Se conceituar tecnologia foi algo relativamente fácil, conceituar o humano é algo bem mais complexo. Podemos iniciar com o entendimento de que o homem é um animal que pertence à família do homo sapiens e tal qual se encontra hoje, representa o nível mais alto de complexidade alcançado pela escala evolutiva humana. Antes que alguém conteste, esclareço rapidamente que chamo de “homem” a espécie humana, ou seja, sem distinção de gênero. Já o humano, entende-se como a humanidade presente no interior desse homem, com suas nuances más e boas, combinadas com a necessidade de viver em sociedade. Tarefa não tão fácil!
Partindo do homo sapiens, é possível registrar avanços físicos e mentais importantes para a evolução humana. O aspecto físico foi com o tempo se alterando, permitindo a postura ereta da coluna, um andar ágil e forte, consentindo múltiplas possibilidades de locomoção e interação com o novo mundo. O cérebro aumentou de tamanho, aumentando a quantidade de neurônios e suas conexões; surgiram novas funções cerebrais, seguidas do amadurecimento de novas regiões do cérebro; o pensamento foi influenciado pelos novos conhecimentos e ampliado enquanto percepção de mundo.
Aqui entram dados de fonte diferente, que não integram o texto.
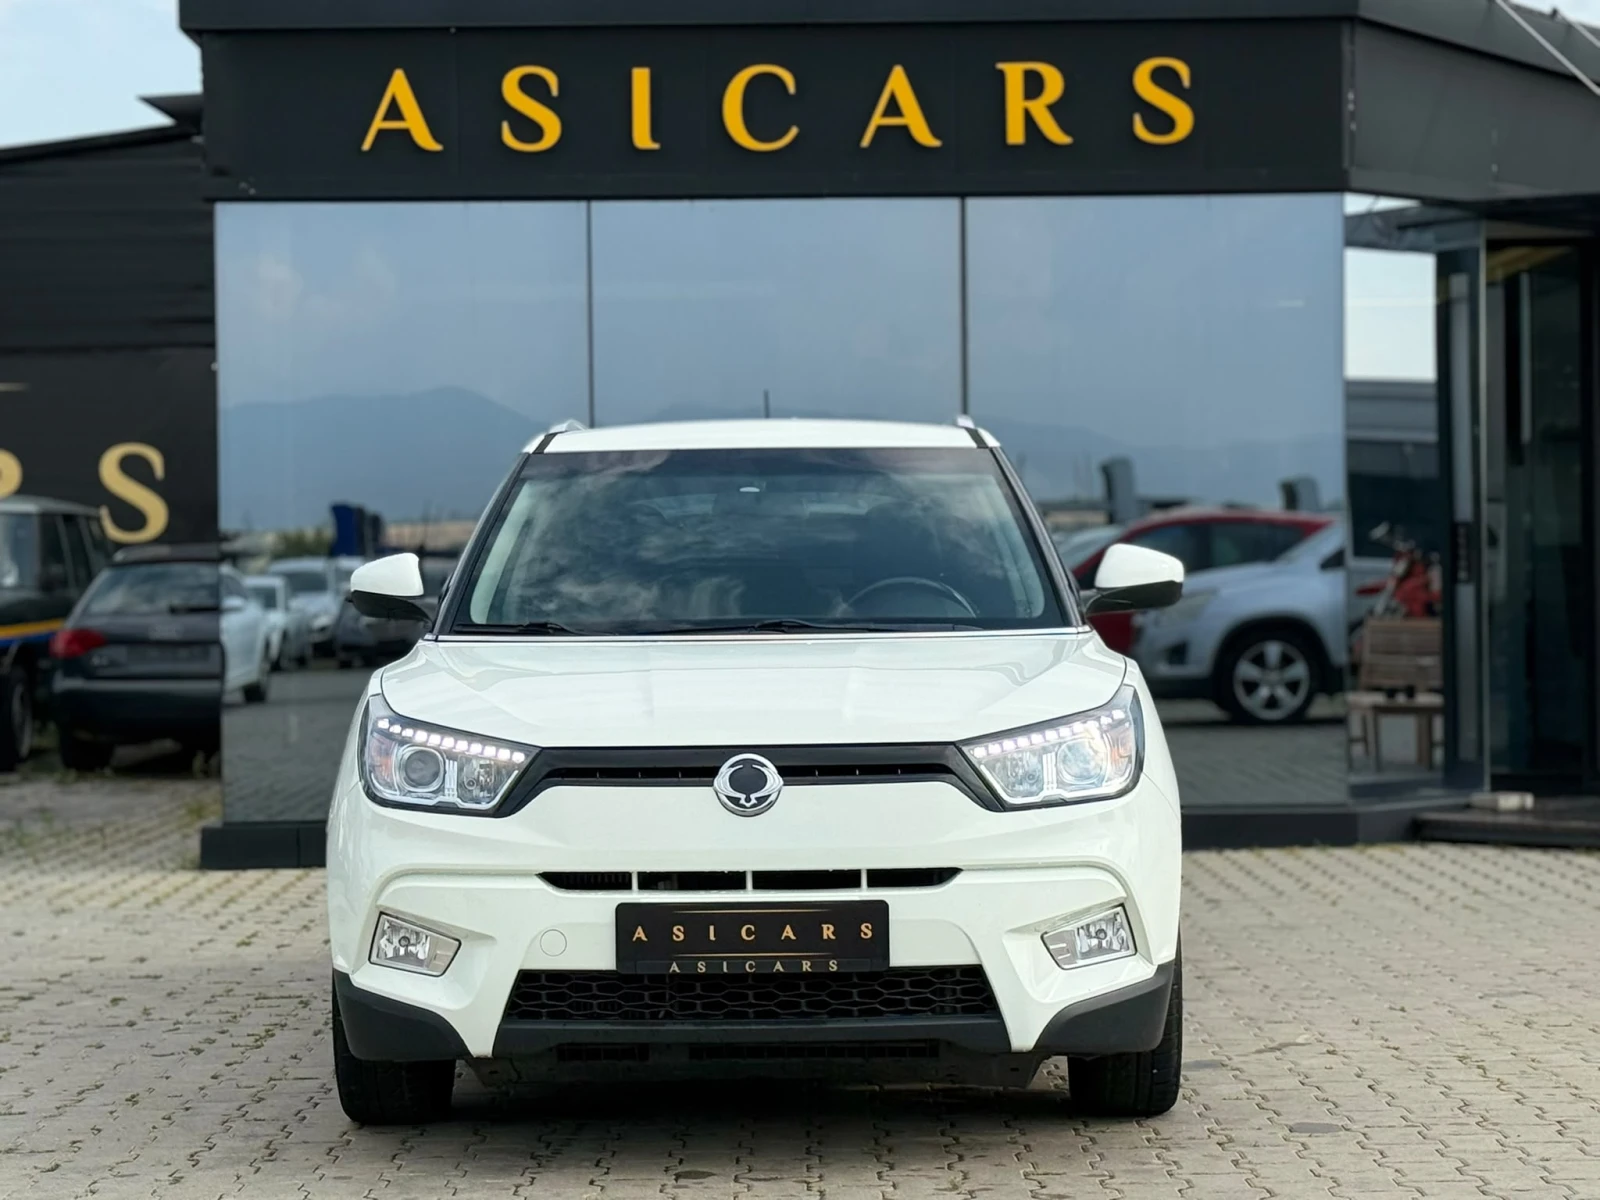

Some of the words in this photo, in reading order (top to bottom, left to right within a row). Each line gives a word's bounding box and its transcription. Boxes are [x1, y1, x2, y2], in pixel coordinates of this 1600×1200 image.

[361, 56, 1196, 153] ASICARS
[632, 923, 873, 941] ASICARS
[669, 960, 838, 973] ASICARS
Enfim, o homem estava imerso da condição de humano.
Ao ler as linhas anteriores é possível concluir que tanto a evolução do homem como da tecnologia contribuiu para um mundo melhor, mas justo e humano, porém é preciso dizer rapidamente que nada parece ser o que realmente é, pois não basta elencar os avanços físicos e mentais do homem em relação aos tecnológicos, é necessário considerar a influência do meio onde cada indivíduo vive em relação a sua condição humana.
A influência do meio na formação humana é tema estudado há séculos por grandes áreas como a Filosofia, a Sociologia ou a Antropologia. Sócrates (470 a.C.) acreditava que o homem para fazer o bem bastava conhecê-lo, ou melhor, o homem só fazia o mal por ignorância. Por essa razão, o filósofo levava o conhecimento a todos os cidadãos gregos e passou a representar um perigo para a elite mais conservadora de Atenas, por defender que o mundo era para todos e não para alguns. Sócrates foi o criador de um método denominado maiêutica, o qual “[…] consiste em forçar o interlocutor a desenvolver seu pensamento sobre uma questão que ele pensa em conhecer, para conduzi-lo, de consequência e consequência, a contradizer-se, e, portanto, a confessar que nada sabe” (JAPIASSÚ; MARCONDES, 1996, p. 251)[2].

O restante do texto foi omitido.